On the matter of higher raw material costs, Teoh said DS Sigma is able to pass down changes in raw material prices to its customers.
“Our customers are fully aware of any raw material movement, and throughout the years of doing business with them, they practise fair business practices – and we will review any significant raw material cost movement, be it up or down, it will be reflected in our product prices accordingly,” said Teoh.
DS Sigma is not exposed to foreign exchange risks as the volatility of the ringgit is reflected in product prices, she said.
The global logistics bottleneck issues have benefited DS Sigma, which saw an increase in demand for its design and innovation services, to optimise customers’ container loading efficiency and help them reduce logistics costs.
As at end-FY22, the group’s total borrowings were RM10.8mil with a cash and bank balance of RM19.2mil. DS Sigma has allocated RM6mil from the listing proceeds to repay bank borrowings in order to pare down debt, and further improve its net cash position.
“Changes caused by the fluctuating interest rate, be it the interest income or expense, would be insignificant given the magnitude of such changes relative to our larger earnings base,” said Teoh.
DS Sigma, Teoh pointed out, started as a product-centric supplier and evolved into a supply chain packaging solutionist.
DS Sigma is expected to raise RM50.15mil from the initial public offering via the issuance of 91.18 million new ordinary shares at 55 sen per share.
This translates to a price-earnings multiple of 12.56 times, based on the earnings per share of 4.38 sen and net profit of RM21mil for FY22, and enlarged issued share capital of 480 million shares upon listing.
DS Sigma does not have a dividend policy.
Some 34.3% of proceeds raised will go to expand the group’s operational facilities while another 31.91% to buy new machinery and equipment.

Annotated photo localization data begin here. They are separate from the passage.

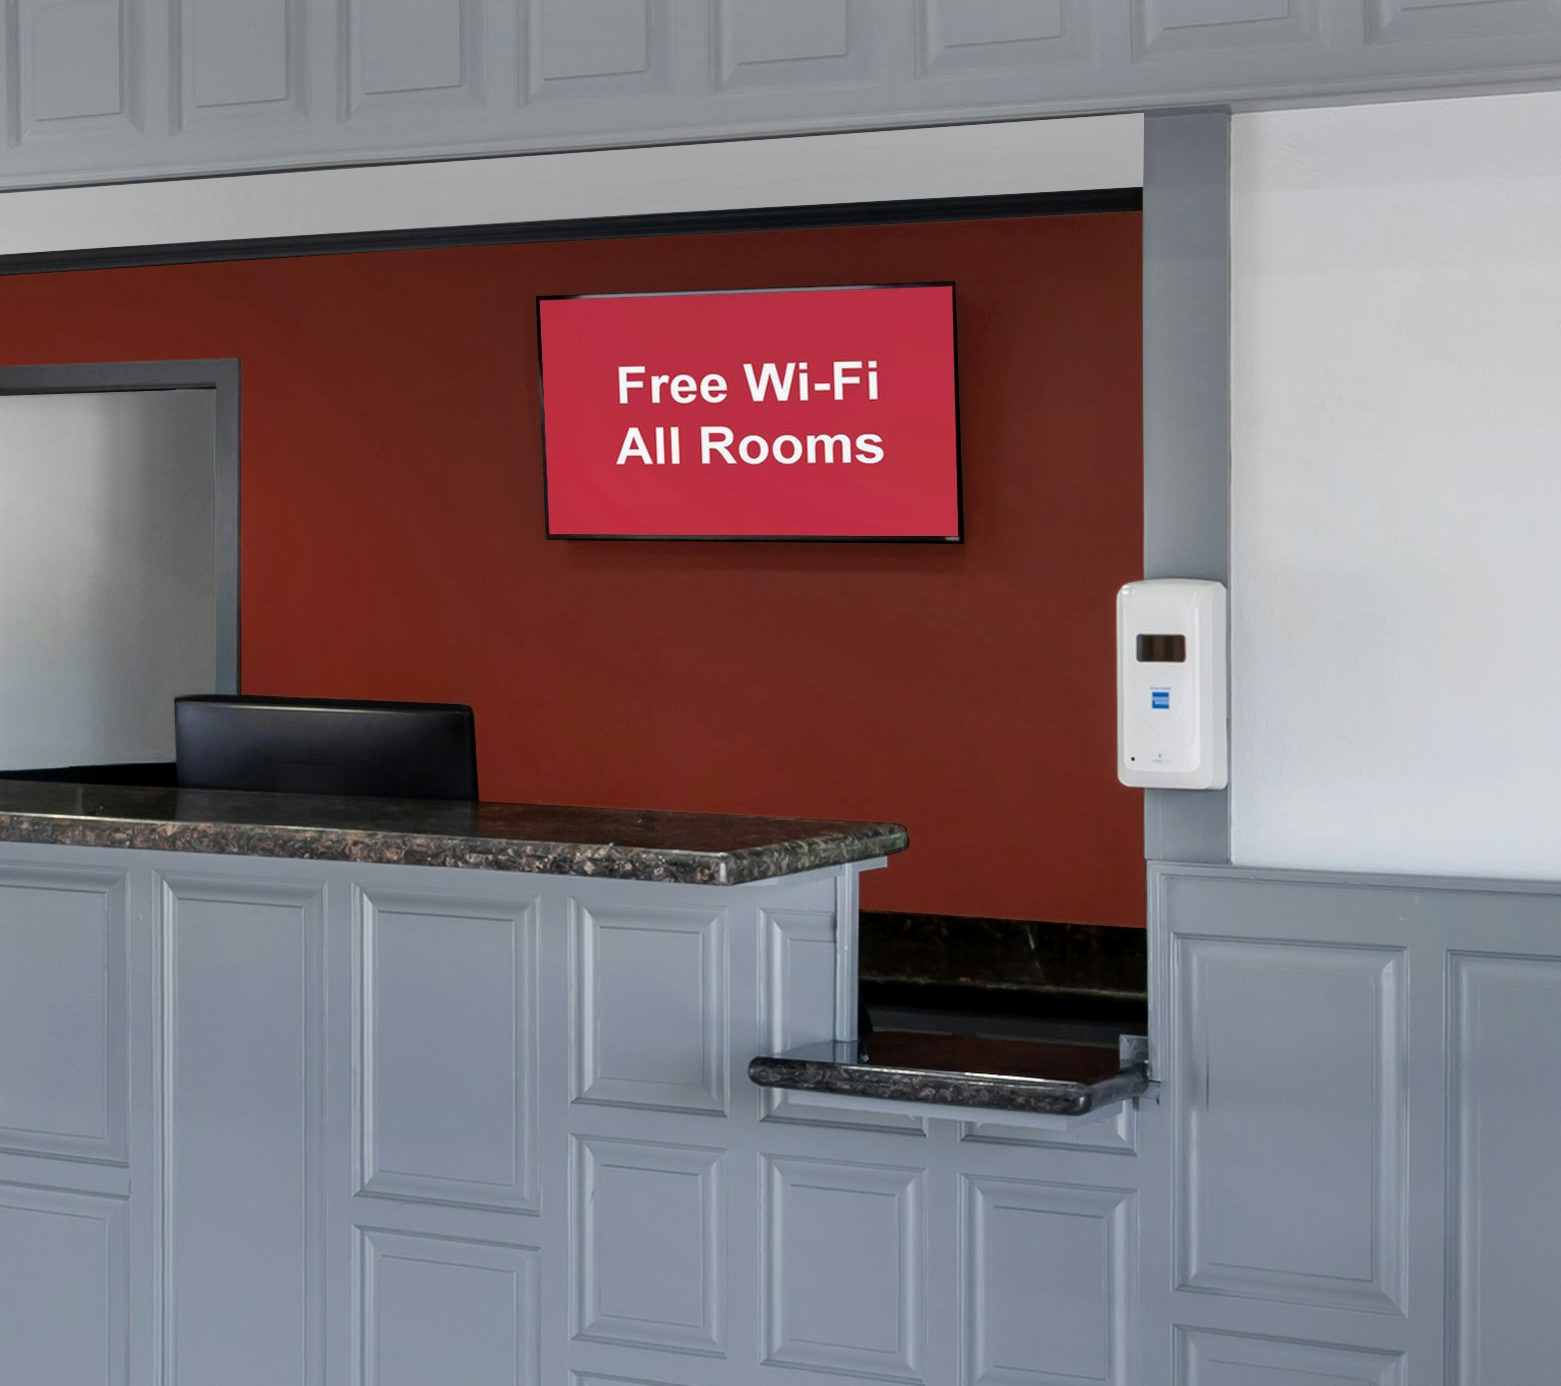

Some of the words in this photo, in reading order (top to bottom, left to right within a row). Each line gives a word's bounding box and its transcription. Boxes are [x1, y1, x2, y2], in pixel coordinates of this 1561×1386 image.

[618, 366, 728, 404] Free
[743, 361, 879, 402] Wi-Fi
[616, 426, 680, 465] All
[700, 426, 885, 465] Rooms
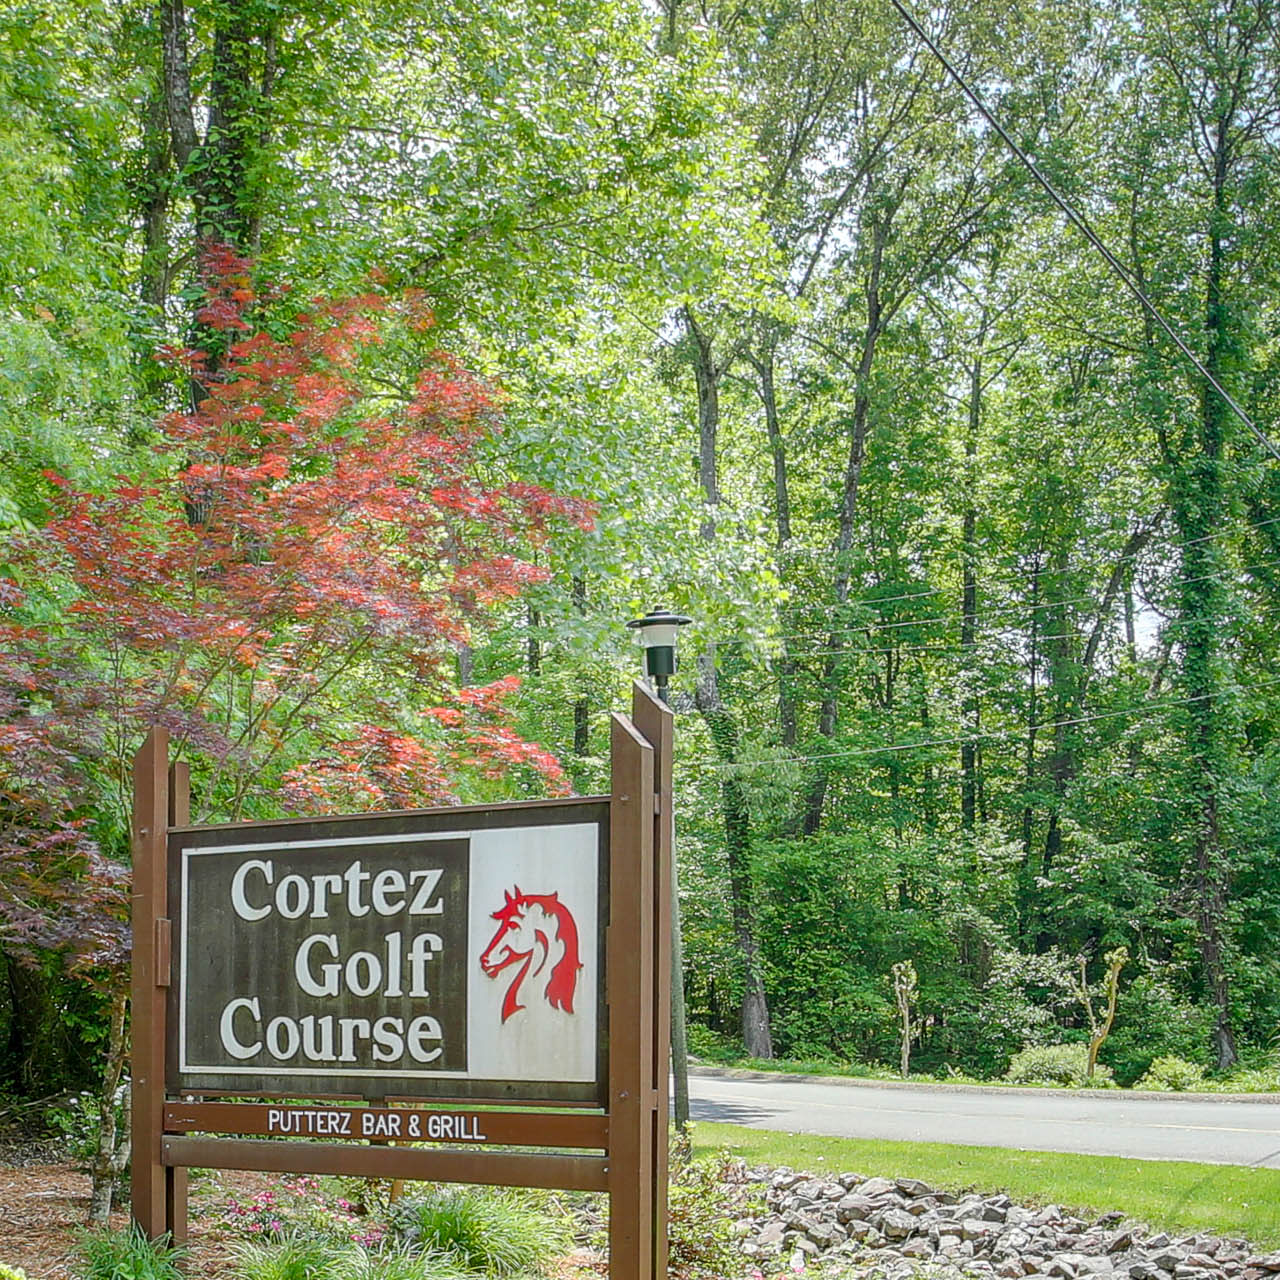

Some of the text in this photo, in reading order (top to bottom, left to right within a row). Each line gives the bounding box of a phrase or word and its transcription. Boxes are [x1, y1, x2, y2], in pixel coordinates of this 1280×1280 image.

[231, 859, 444, 921] Cortez
[295, 931, 443, 997] Golf
[220, 997, 443, 1063] Course
[268, 1109, 486, 1140] PUTTERZ BAR & GRILL
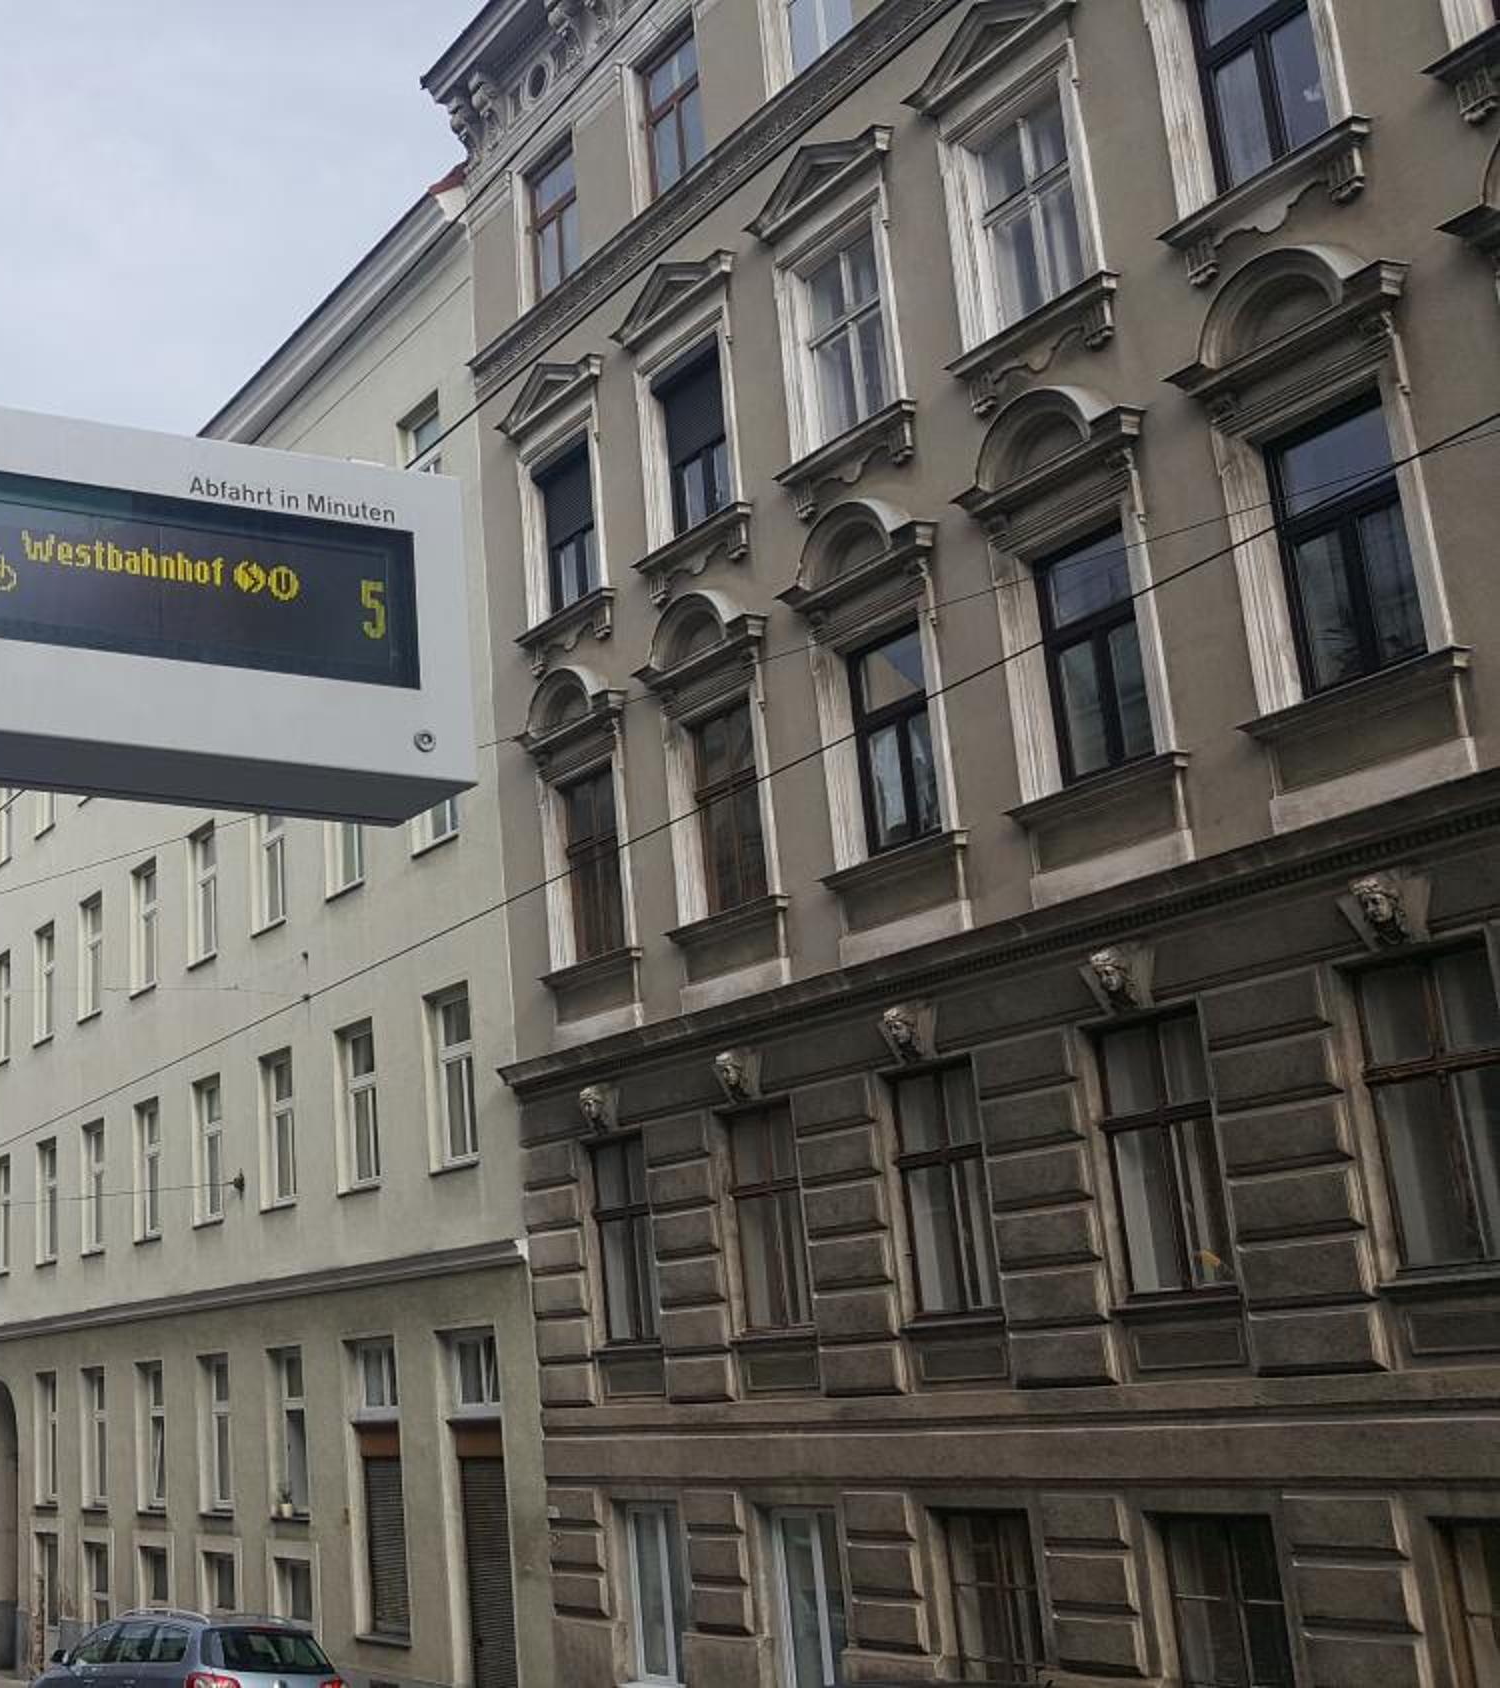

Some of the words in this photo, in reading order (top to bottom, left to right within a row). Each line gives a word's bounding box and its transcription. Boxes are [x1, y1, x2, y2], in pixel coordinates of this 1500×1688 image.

About 2.27% of the money will be used to set up a packaging design and innovation centre, while 11.96% will be for the repayment of bank borrowings. Another 10.79% will be for working capital.
DS Sigma has a 2.5% market share in the corrugated carton industry. For its first quarter ended Sept 30, 2022, DS Sigma posted earnings of RM4.71mil on RM25.39mil revenue. Earnings per share was 3.38 sen.
In a Bursa Malaysia filing, the group noted close to 80% of the quarter’s revenue was from its manufacturing segment.